Problem to work on => Set the records down again exactly, apart from any pictures in them.

Supplied data =>
--------------------------------
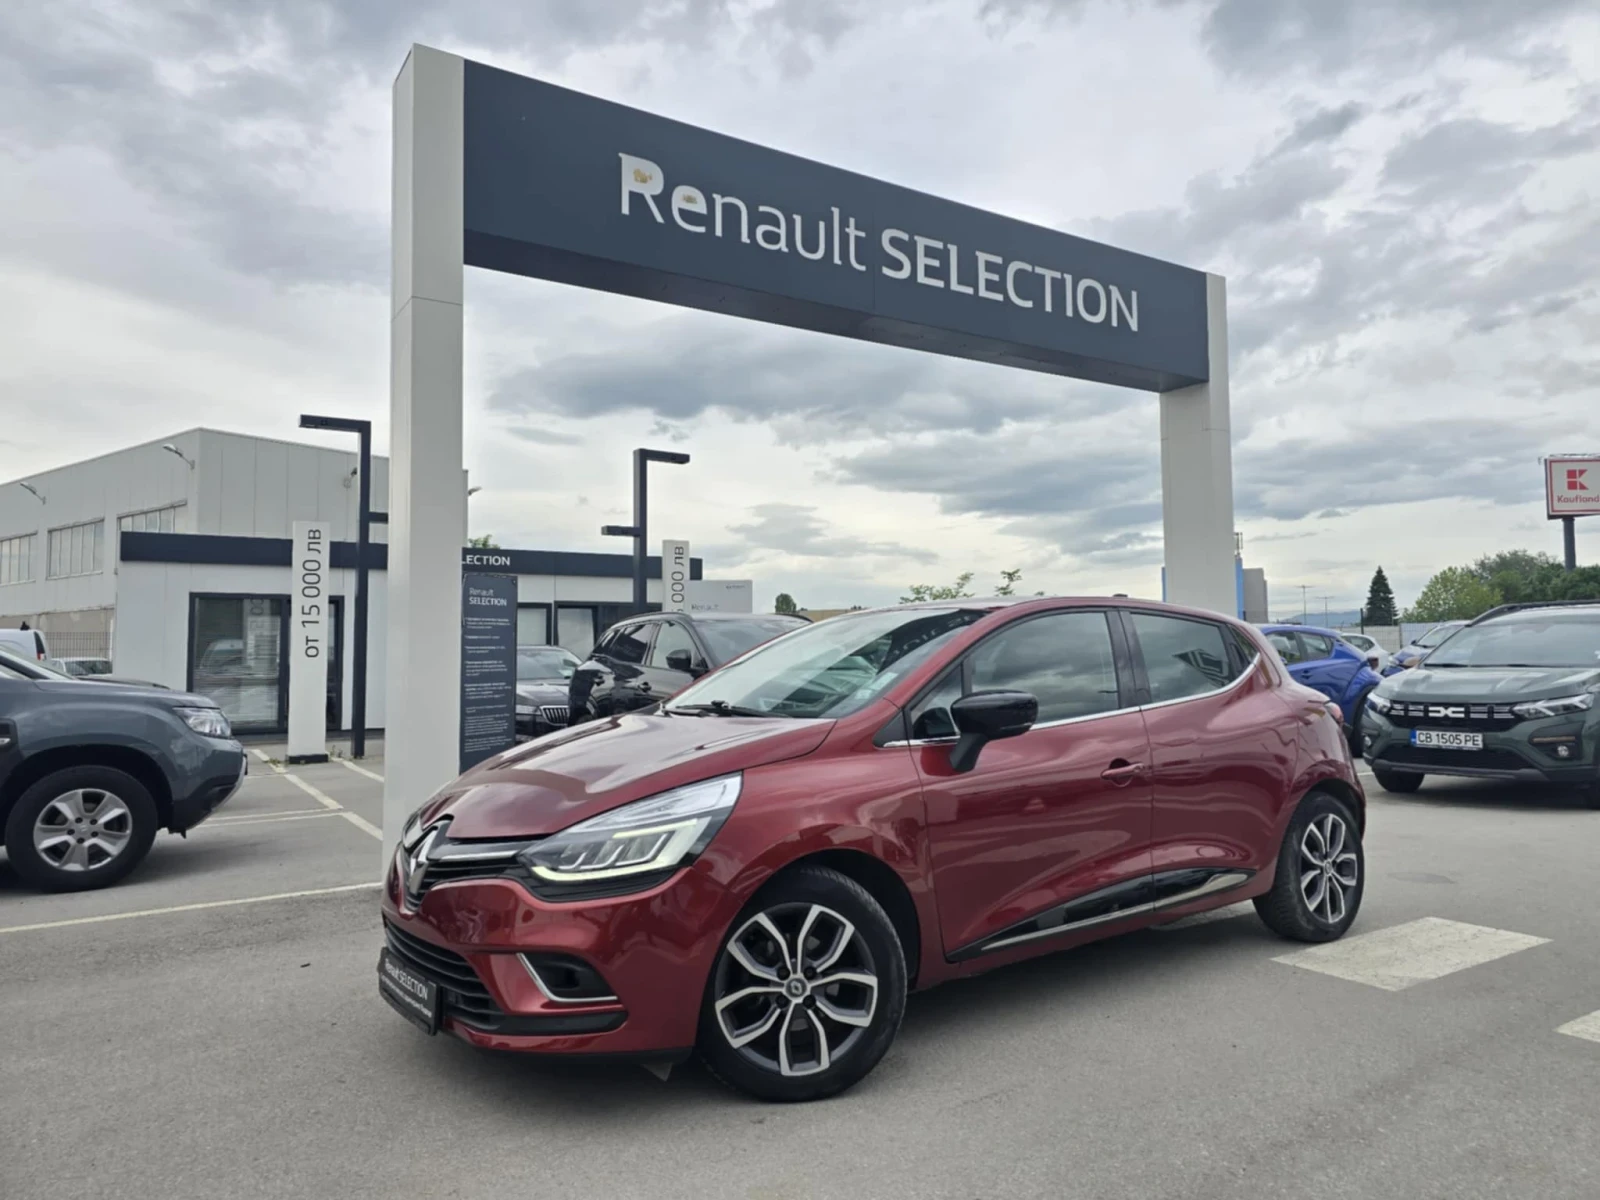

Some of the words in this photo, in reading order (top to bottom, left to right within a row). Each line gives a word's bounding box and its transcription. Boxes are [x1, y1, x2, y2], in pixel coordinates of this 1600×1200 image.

[618, 152, 868, 272] Renault
[880, 228, 1140, 333] SELECTION
[1557, 494, 1600, 503] Kaufland
[462, 554, 511, 566] ECTION
[302, 559, 321, 599] 000
[671, 571, 685, 604] 000
[469, 596, 507, 606] SELECTION
[302, 604, 320, 629] 15
[1417, 732, 1432, 743] CB
[1435, 733, 1462, 745] 1505
[1464, 735, 1479, 746] PE
--------------------------------
Result of the exercise =>
Some of the words in this photo, in reading order (top to bottom, left to right within a row). Each line gives a word's bounding box and its transcription. Boxes are [x1, y1, x2, y2], in pixel coordinates of this 1600×1200 image.

[618, 152, 868, 272] Renault
[880, 228, 1140, 333] SELECTION
[1557, 494, 1600, 503] Kaufland
[462, 554, 511, 566] ECTION
[302, 559, 321, 599] 000
[671, 571, 685, 604] 000
[469, 596, 507, 606] SELECTION
[302, 604, 320, 629] 15
[1417, 732, 1432, 743] CB
[1435, 733, 1462, 745] 1505
[1464, 735, 1479, 746] PE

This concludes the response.